Grâce à ce contrat, la flotte de navires de patrouille extracôtiers et de l’Arctique (NPEA) ainsi que la flotte de navires de soutien interarmées (NSI) bénéficieront de soutien en service à long terme, tels que des travaux de modernisation, de réparation, d’entretien ainsi que de fournir de la formation. Les services débuteront avec la livraison du premier navire de patrouille extracôtier et de l’Arctique en 2018, et en 2021 pour le premier navire de soutien interarmées.

Le soutien en service des NPEA et des NSI a été combiné dans un contrat moderne et novateur. Connu aussi sous l’acronyme SESNN, contrat de soutien en service assurera de grandes économies pour les contribuables. Le contrat de SESNN fera aussi bénéficier l’industrie canadienne.

Le contrat comprend des options d’inclure les services pour la durée de vie prévue des navires, soit 35 ans, pour un total estimé à 5,2 milliards de dollars (taxes en sus).

La politique de défense du Canada, Protection, Sécurité, Engagement, souligne l’importance de livrer les capacités dont la Marine royale canadienne a besoin pour relever les défis futurs en matière de défense et de sécurité, au pays et à l’étranger, et pour réaliser les tâches essentielles d’une marine moderne. Les projets des NPEA et des NSI ont été spécifiquement nommés comme deux projets pour aider à atteindre cet objectif.
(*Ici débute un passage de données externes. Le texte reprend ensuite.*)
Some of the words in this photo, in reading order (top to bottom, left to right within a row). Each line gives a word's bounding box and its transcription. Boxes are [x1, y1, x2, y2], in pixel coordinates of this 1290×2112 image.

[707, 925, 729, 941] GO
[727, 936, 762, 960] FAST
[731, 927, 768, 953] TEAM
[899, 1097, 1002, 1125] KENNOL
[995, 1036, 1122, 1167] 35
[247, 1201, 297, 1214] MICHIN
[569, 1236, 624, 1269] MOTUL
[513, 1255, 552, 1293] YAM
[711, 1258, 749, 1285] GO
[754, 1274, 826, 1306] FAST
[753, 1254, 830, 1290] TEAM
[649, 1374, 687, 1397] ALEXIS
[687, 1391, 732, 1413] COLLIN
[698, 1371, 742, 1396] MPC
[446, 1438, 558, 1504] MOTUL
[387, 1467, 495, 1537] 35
« Les navires modernes, comme les navires de soutien interarmées qui seront construits ici à Vancouver, sont essentiels à notre flotte. Ils livreront les capacités dont la Marine a besoin pour relever les défis dont nous faisons face en matière de défense et de sécurité, au pays et à l’étranger, et ils réaliseront les tâches essentielles d’une marine moderne. Ce contrat fera en sorte que les femmes et hommes de la Marine royale canadienne ont accès à des navires fiables, avec un soutien continu, pour les années à venir. », a déclaré le ministre Sajjan.

Faits en bref

Cinq navires de patrouille extracôtiers et de l’Arctique, avec l’option d’un sixième, sont en construction par l’entreprise Irving Shipbuilding Inc. La livraison du premier navire à la Marine royale canadienne est prévue en 2018.
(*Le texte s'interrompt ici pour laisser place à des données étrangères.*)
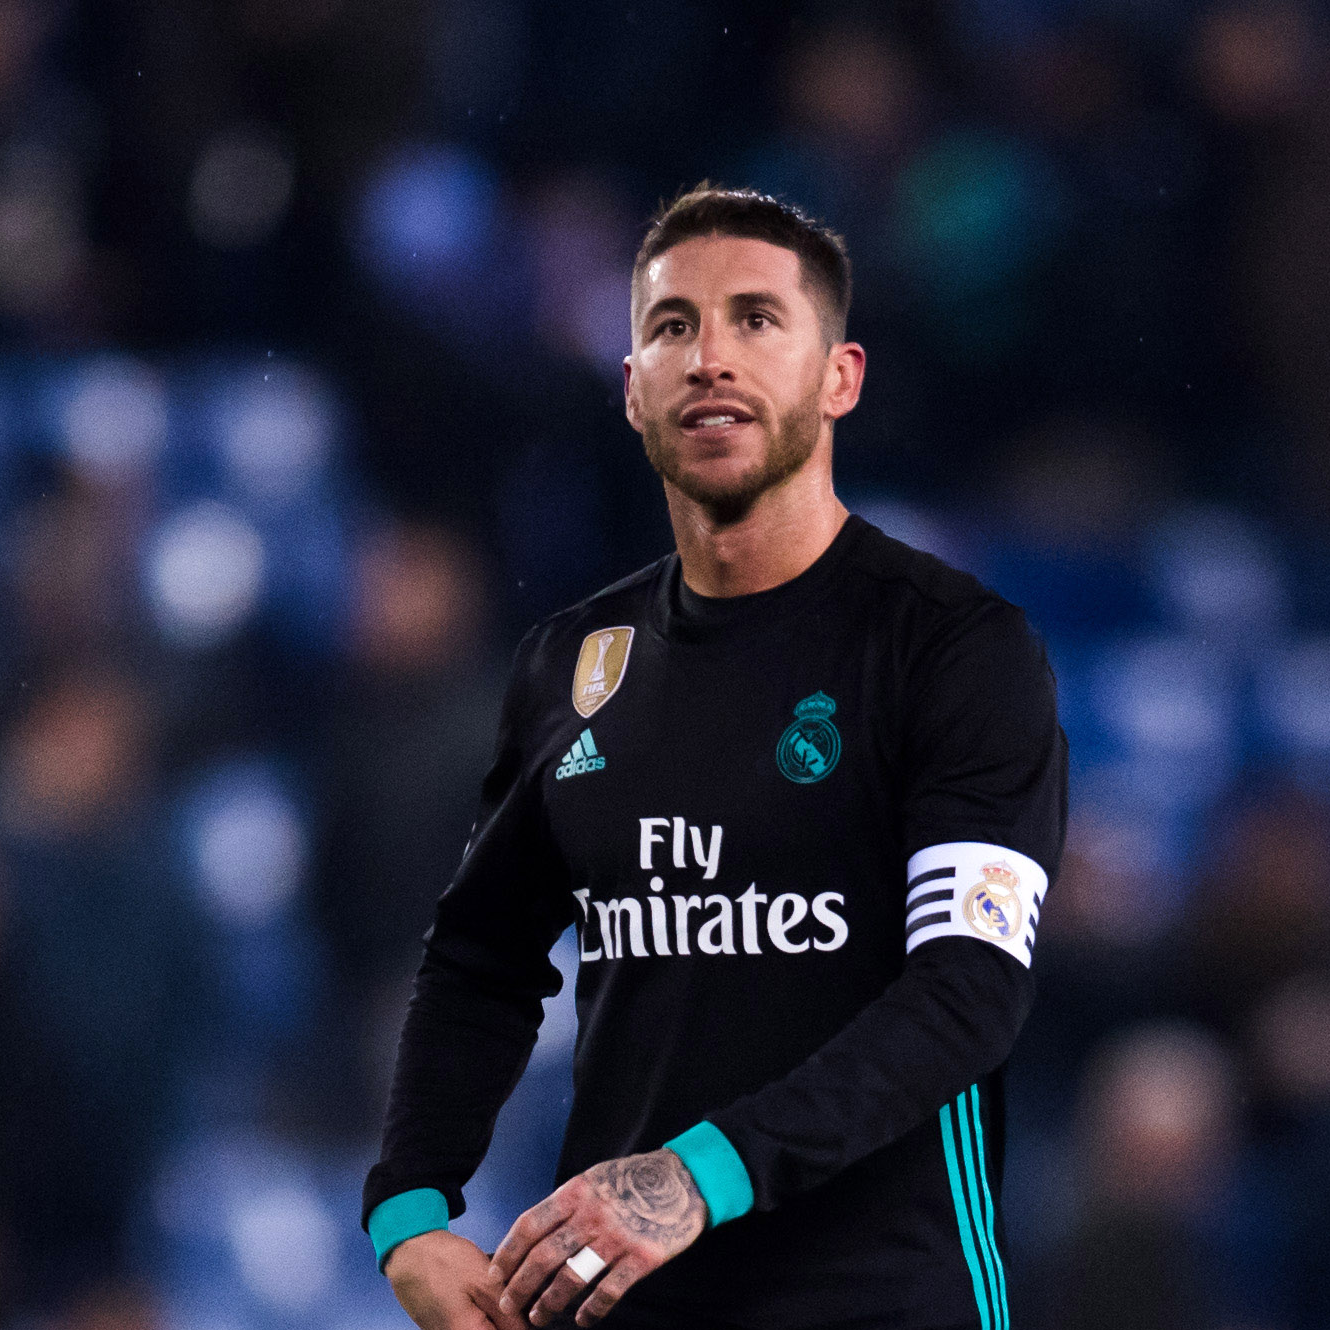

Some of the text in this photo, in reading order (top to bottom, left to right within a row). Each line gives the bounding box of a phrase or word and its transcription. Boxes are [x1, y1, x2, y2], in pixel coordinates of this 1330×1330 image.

[582, 681, 606, 696] FIFA
[555, 756, 606, 781] adidas
[639, 816, 723, 880] Fly
Deux navires de soutien interarmées seront construits par le Chantier naval de Seaspan à Vancouver. La livraison du premier navire à la Marine royale canadienne est prévue en 2021.

Les contrats de soutien en service et d’entretien veilleront à ce que les nouvelles flottes de NPEA et de NSI, une fois construites, soient immédiatement opérationnelles.

Dans le cadre de la Politique des retombées industrielles et technologiques, une somme égale à la valeur du contrat sera investie au Canada.

Un surveillant de l’équité a surveillé le processus d’approvisionnement des navires de patrouille extracôtiers et de l’Arctique et des navires de soutien interarmées.

Le travail de soutien en service nécessaire pour soutenir et maintenir les NPEA et les NSI dans le cadre de contrat sera effectué au Canada, à moins qu’un navire nécessite des travaux d’entretien alors qu’il se trouve à l’étranger.